Food is properly labeled Foods shall be declared with the common name of product in at least English on bulk repackaged foods. Request ingredients and allergens for consumer self service items like baked goods, to be held at register for customer request.
Food storage containers identified with common name of food Foods shall be declared with the common name of product in at least English on bulk repackaged foods. Request ingredients and allergens for consumer self service items like baked goods, to be held at register for customer request.
Handwashing signage Hand sink in prep kitchen shall have hand sign declaring sink for hand washing.
Disclosure of menu items offered or served raw or undercooked Firm sells two types ceiveche that contains raw products- Consumer advisory needed and identify the two ceiveche dishes as raw or undercooked. Handout given.
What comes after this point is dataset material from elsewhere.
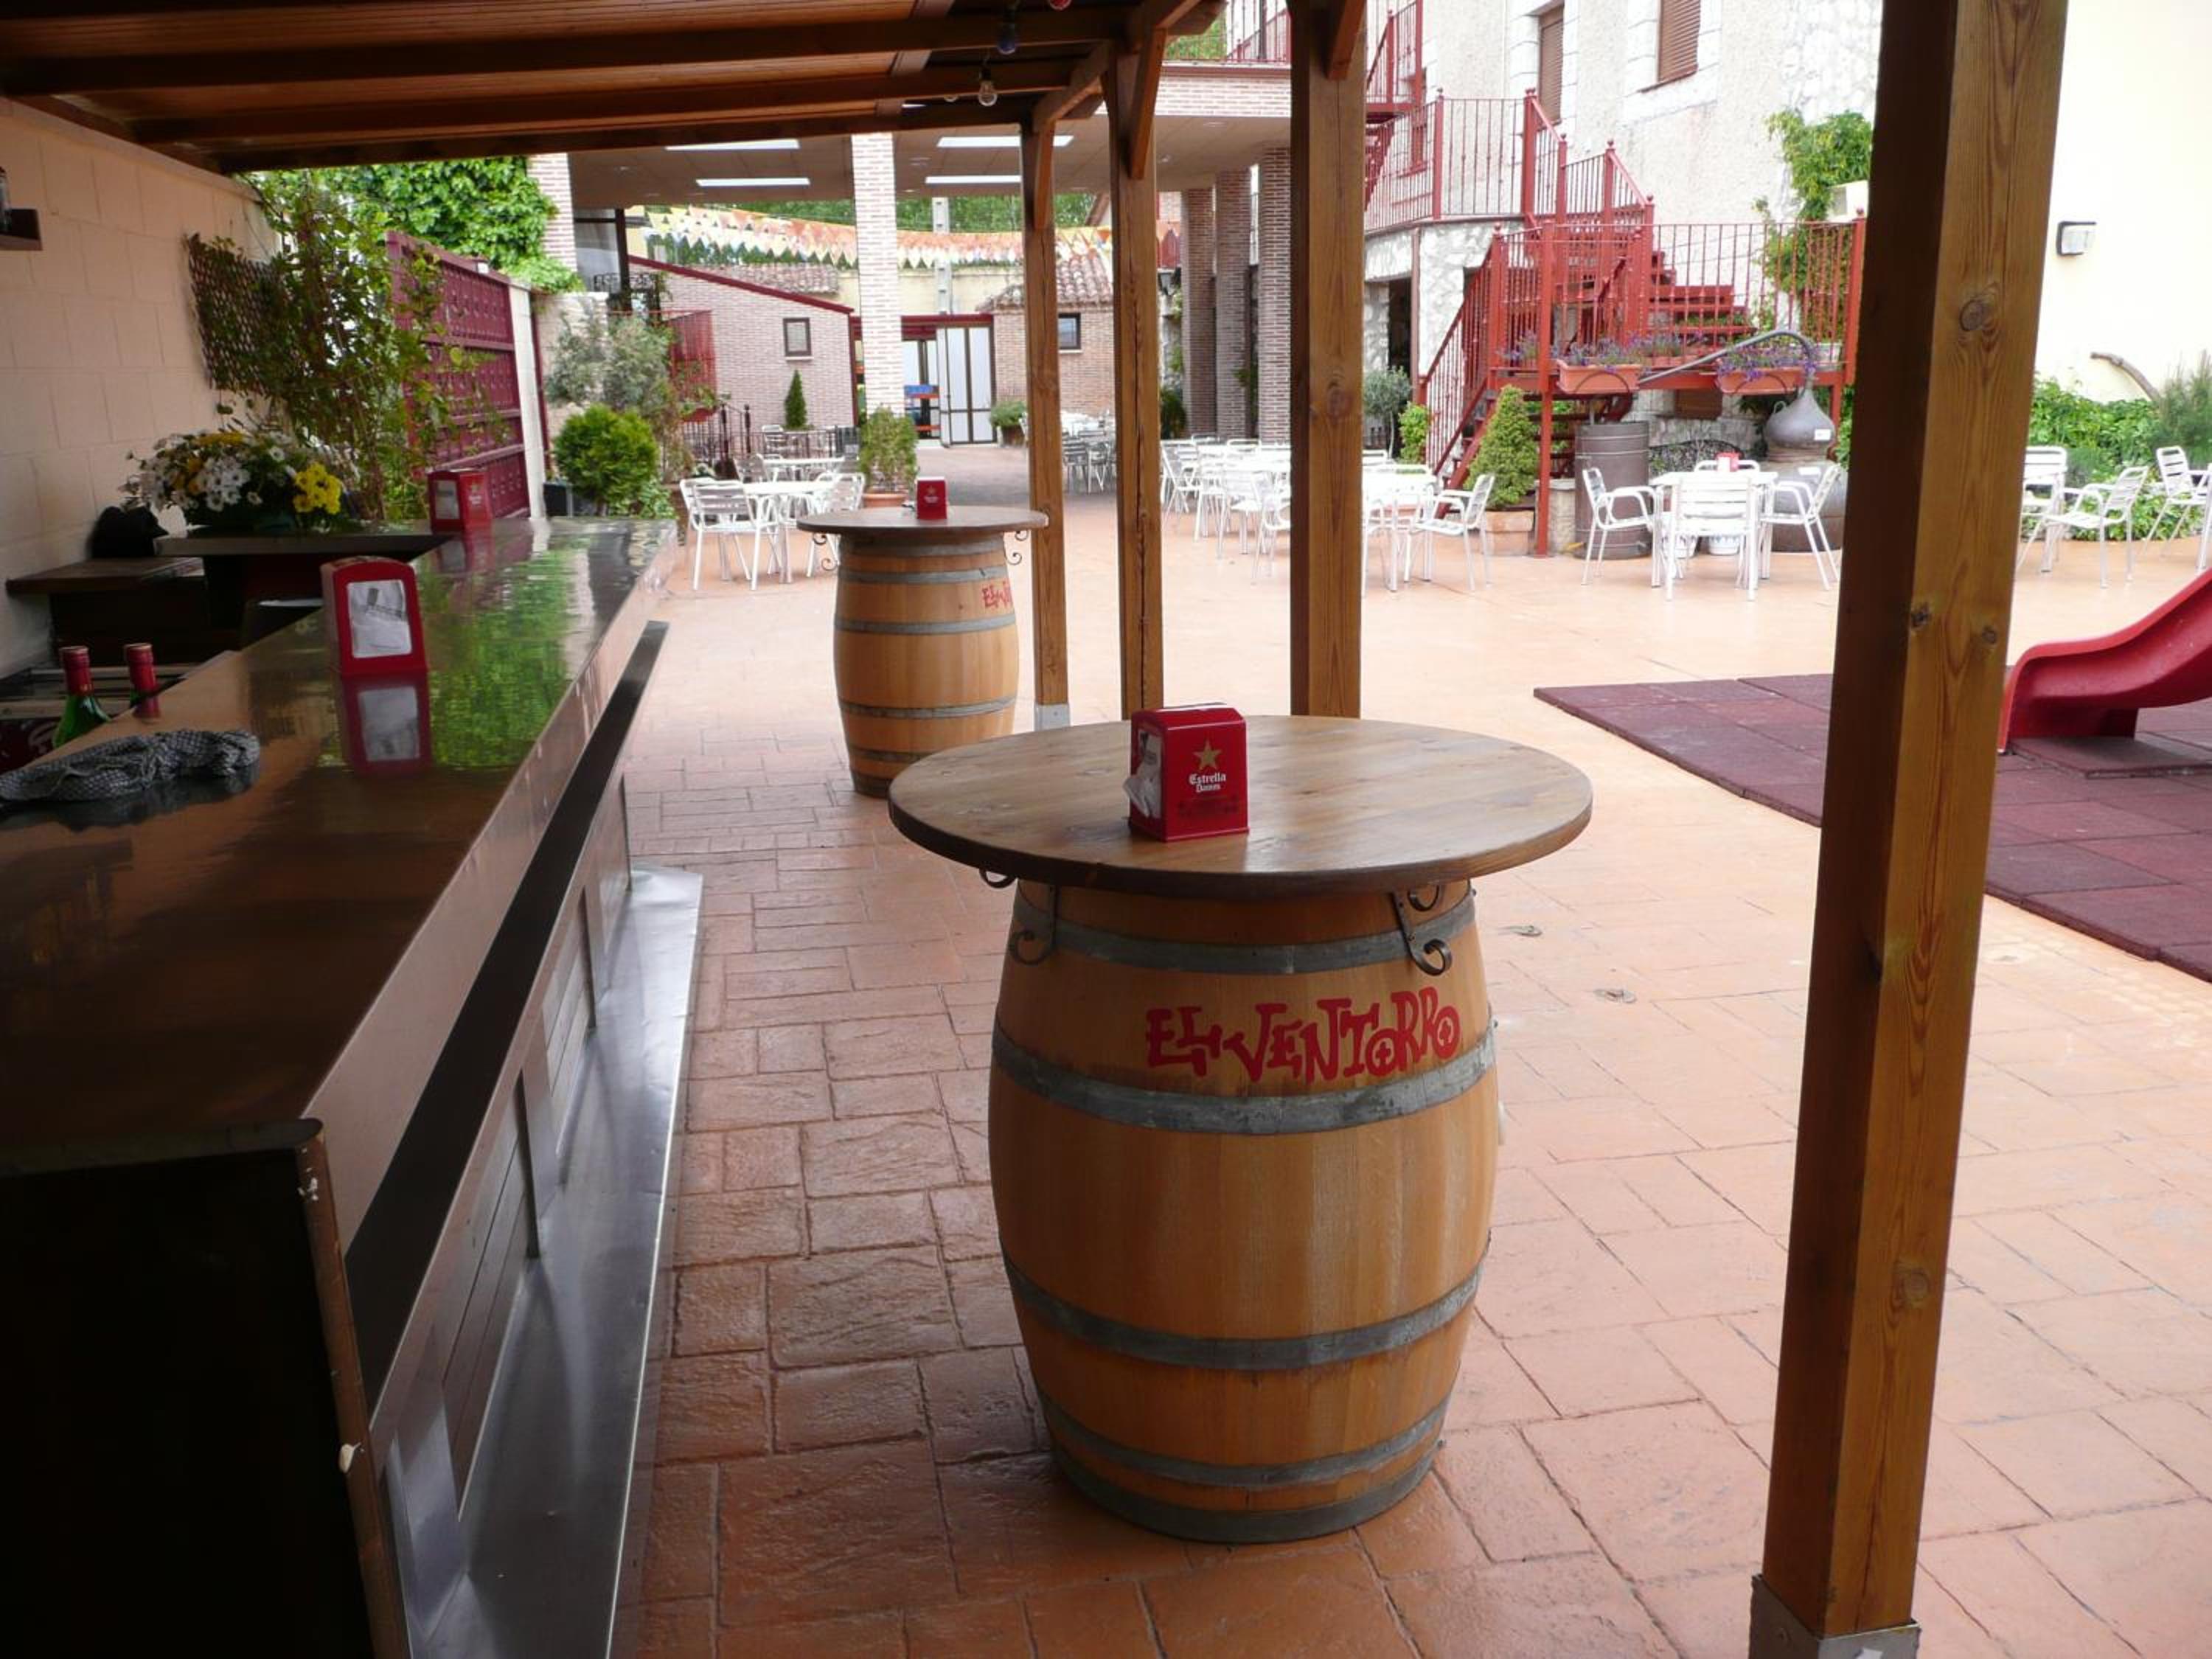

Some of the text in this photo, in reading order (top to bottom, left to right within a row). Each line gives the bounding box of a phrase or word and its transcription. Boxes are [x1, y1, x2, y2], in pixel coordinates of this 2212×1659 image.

Roasts held at a temperature of 130°F or above Two meat products stored in warmer 108F, voluntarily discarded corrected on-site.
Using a handwashing sink- operation and maintenance Hand sink blocked with dishes at time of inspection. Employee stated that three compartment sink was also used for hand washing.
Frozen PHF/TCS foods are properly slacked and thawed Thawing seafood at room temperature, thaw under cold running water or in coolers.
Test kit provided and used to measure sanitizing solution concentration Chlorine test kit needed to check concentration of sanitizer.